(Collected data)
-----

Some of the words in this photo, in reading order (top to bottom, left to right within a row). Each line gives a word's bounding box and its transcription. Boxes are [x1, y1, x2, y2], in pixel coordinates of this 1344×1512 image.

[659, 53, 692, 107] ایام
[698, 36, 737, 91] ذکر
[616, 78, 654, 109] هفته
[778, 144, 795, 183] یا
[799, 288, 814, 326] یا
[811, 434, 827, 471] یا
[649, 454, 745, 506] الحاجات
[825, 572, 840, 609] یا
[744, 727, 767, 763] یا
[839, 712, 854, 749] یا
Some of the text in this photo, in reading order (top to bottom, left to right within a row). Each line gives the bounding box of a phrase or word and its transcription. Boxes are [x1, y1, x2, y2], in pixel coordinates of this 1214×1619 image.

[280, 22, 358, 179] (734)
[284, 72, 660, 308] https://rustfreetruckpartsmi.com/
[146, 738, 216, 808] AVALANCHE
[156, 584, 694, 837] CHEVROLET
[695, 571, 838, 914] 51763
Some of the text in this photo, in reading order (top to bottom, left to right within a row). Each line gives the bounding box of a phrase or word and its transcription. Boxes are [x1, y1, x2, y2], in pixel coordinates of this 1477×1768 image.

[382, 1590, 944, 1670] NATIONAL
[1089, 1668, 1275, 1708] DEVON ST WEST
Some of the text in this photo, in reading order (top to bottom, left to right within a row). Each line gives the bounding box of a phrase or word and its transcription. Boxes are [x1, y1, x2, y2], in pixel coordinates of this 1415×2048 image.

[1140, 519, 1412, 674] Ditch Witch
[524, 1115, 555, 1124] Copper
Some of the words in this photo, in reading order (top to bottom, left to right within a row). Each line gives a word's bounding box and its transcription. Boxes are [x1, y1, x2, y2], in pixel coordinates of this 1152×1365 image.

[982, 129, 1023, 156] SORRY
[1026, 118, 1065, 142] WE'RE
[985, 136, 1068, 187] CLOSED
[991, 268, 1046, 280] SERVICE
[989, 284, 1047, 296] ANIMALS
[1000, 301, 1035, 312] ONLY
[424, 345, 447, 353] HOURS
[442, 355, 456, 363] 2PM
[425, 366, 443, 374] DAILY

-----

## What is needed
An exact copy of the line containing "this 1214×1619 image." and all lines after it, through the last line of the entries, is the required answer.

## Answer space
Some of the text in this photo, in reading order (top to bottom, left to right within a row). Each line gives the bounding box of a phrase or word and its transcription. Boxes are [x1, y1, x2, y2], in pixel coordinates of this 1214×1619 image.

[280, 22, 358, 179] (734)
[284, 72, 660, 308] https://rustfreetruckpartsmi.com/
[146, 738, 216, 808] AVALANCHE
[156, 584, 694, 837] CHEVROLET
[695, 571, 838, 914] 51763
Some of the text in this photo, in reading order (top to bottom, left to right within a row). Each line gives the bounding box of a phrase or word and its transcription. Boxes are [x1, y1, x2, y2], in pixel coordinates of this 1477×1768 image.

[382, 1590, 944, 1670] NATIONAL
[1089, 1668, 1275, 1708] DEVON ST WEST
Some of the text in this photo, in reading order (top to bottom, left to right within a row). Each line gives the bounding box of a phrase or word and its transcription. Boxes are [x1, y1, x2, y2], in pixel coordinates of this 1415×2048 image.

[1140, 519, 1412, 674] Ditch Witch
[524, 1115, 555, 1124] Copper
Some of the words in this photo, in reading order (top to bottom, left to right within a row). Each line gives a word's bounding box and its transcription. Boxes are [x1, y1, x2, y2], in pixel coordinates of this 1152×1365 image.

[982, 129, 1023, 156] SORRY
[1026, 118, 1065, 142] WE'RE
[985, 136, 1068, 187] CLOSED
[991, 268, 1046, 280] SERVICE
[989, 284, 1047, 296] ANIMALS
[1000, 301, 1035, 312] ONLY
[424, 345, 447, 353] HOURS
[442, 355, 456, 363] 2PM
[425, 366, 443, 374] DAILY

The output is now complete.